DSC02728 [800x600modif]Encore estomaqué par la scène que je viens de vivre, je descends me réfugier dans les artères du métro indiens. Amorphe, ailleurs, je reste stupéfait devant ces pèse-personnes pleins de couleurs. Un gardien, dans un geste d’affection typiquement bengali, vient m’offrir deux roupies pour que je monte sur la balance. Je lui dis que j’ai de l’argent, même trois billets déchirés que personne n’accepte. « Bon sang de bonsoir, si j’attrapais l’enfant de gredin qui me les a refilé dans une rue mal éclairée… » La machine folle se met en marche, çà claque, les sons grincent, les lumières crépitent… et tombe le verdict ! Huit kilos en moins depuis le début du voyage… J’ai testé pour vous la cure Inde/Népal pendant 3 mois, le résultat est sans appel. Elle est bien plus efficace que tous les régimes à la mode actuelle. Vous pouvez manger de tout (enfin tout ce que vous arriverez à trouver). Faire des excès n’est pas un problème, votre corps saura vous le rappeler et la journée sur les WC sera un châtiment suffisant pour que vous vous limitiez naturellement.
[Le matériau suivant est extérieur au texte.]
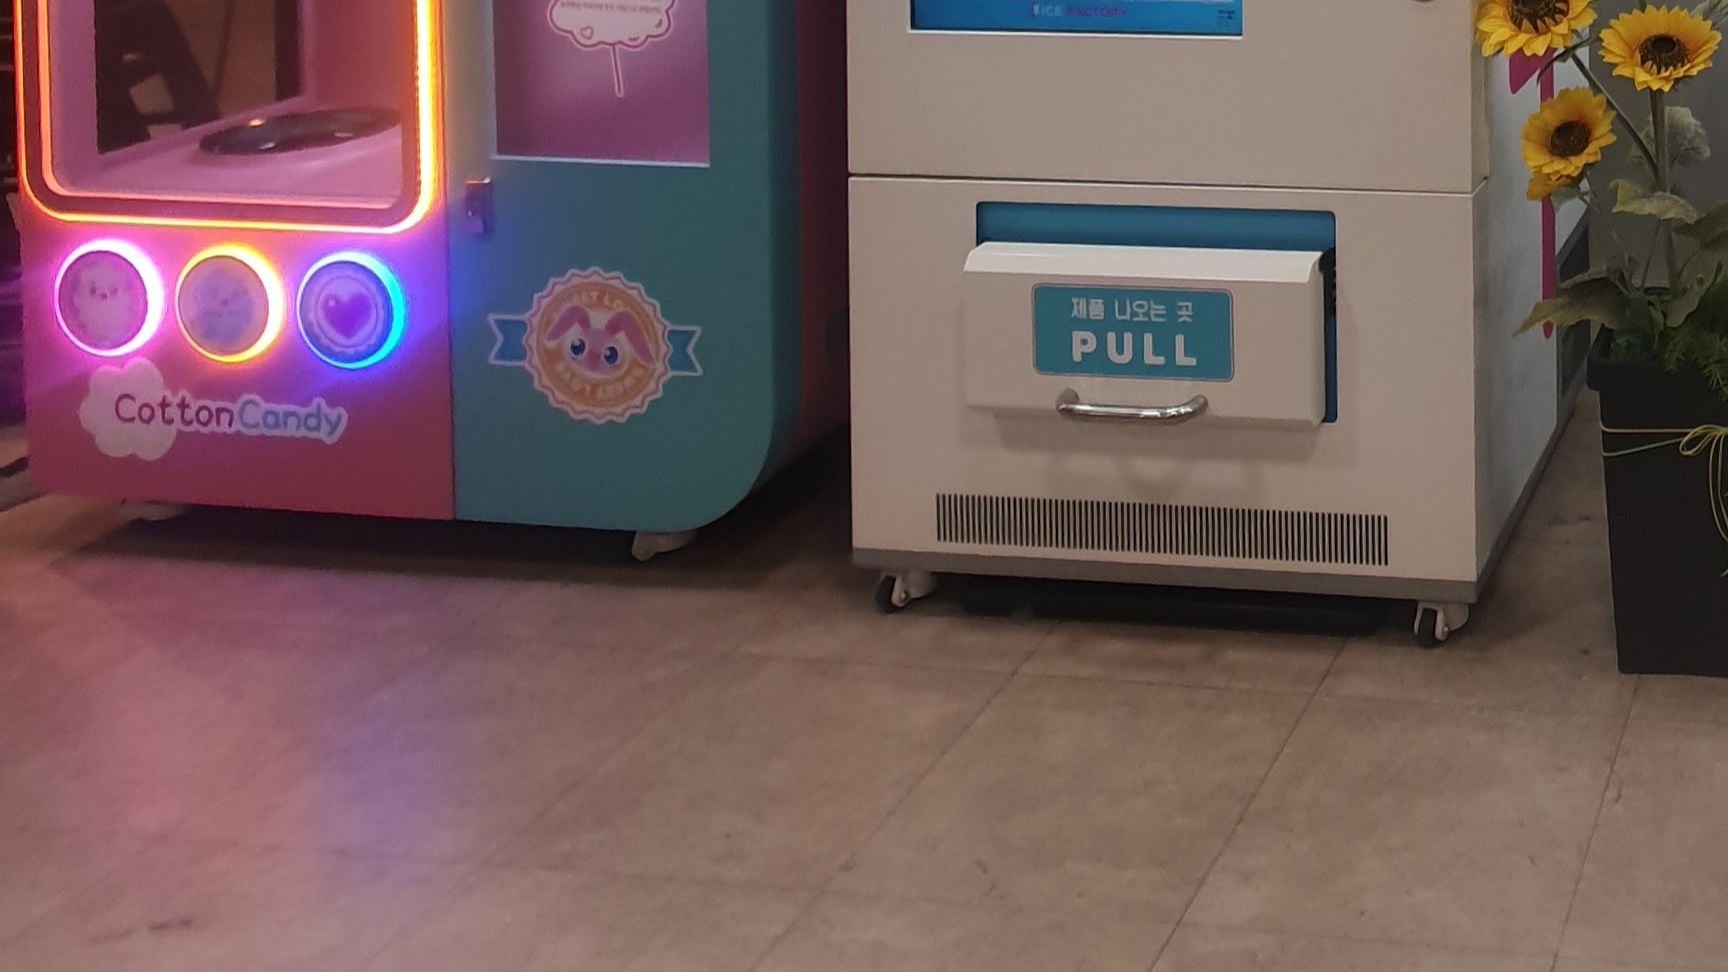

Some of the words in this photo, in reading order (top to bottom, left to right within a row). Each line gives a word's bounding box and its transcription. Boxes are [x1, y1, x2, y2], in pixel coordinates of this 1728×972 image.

Depuis que j’ai changé le verre des mes lunettes rayées, je n’y vois plus clair. Et dans la nuit de Calcutta, une femme laisse tomber un foulard à mes pieds, je suis effrayé, je sursaute, j’ai cru à une attaque de chien. La paranoïa s’installe. Il n’y a pourtant pas de quoi, ils ont presque l’air mignon, avec leurs crocs aiguisés et la bave qui pend au bout de leur museau. (Note à moi-même : Comme preuve d’amour envers ces bêtes à quatre pattes, pensez à mettre des cailloux dans ses poches !). De retour à l’hôtel, je ne m’entends même plus parler avec ma bière. Il y a festival musulman en plein milieux de la nuit, un boucan d’enfer, quelque chose d’assourdissant mais que je trouve excellent pour célébrer la victoire des bleus ! En rythme, et 1… et 2… et 3/0 ! Viva Rio de Janeiro !

DSC02737 [800x600modif]Kolkata est un disque rayé. Un passé qui ne veut pas trépasser Une histoire difficile à effacer. D’ailleurs comment surpasser les affres de l’horreur ? Kolkata est la seule ville en Inde (au monde ?), où les homme-chevaux sont encore là, à tirer leur rickshaw à bout de bras. Moi j’ai du mal à digérer, ces gamins rampant pour nettoyer le sol des restaurants, rendant mes repas toujours indigestes. Et pis, il y a ce gosse, tous les jours dans la même rue, chantant son refrain éternel « 200 roupies » à n’importe qui et à n’importe quelle heure. Il est bloqué dans l’espace temps avec ses sacs à vendre (faut dire qu’ils viennent aussi d’un autre temps ses sacs). Hier, j’étais lassé d’être impuissant. Ce soir, je suis fatigué de regarder la misère défilée. Demain, je voudrai faire quelques choses de mes mains. Et me voilà parti pour être volontaire à la maison de la charité crée par Mère Teresa.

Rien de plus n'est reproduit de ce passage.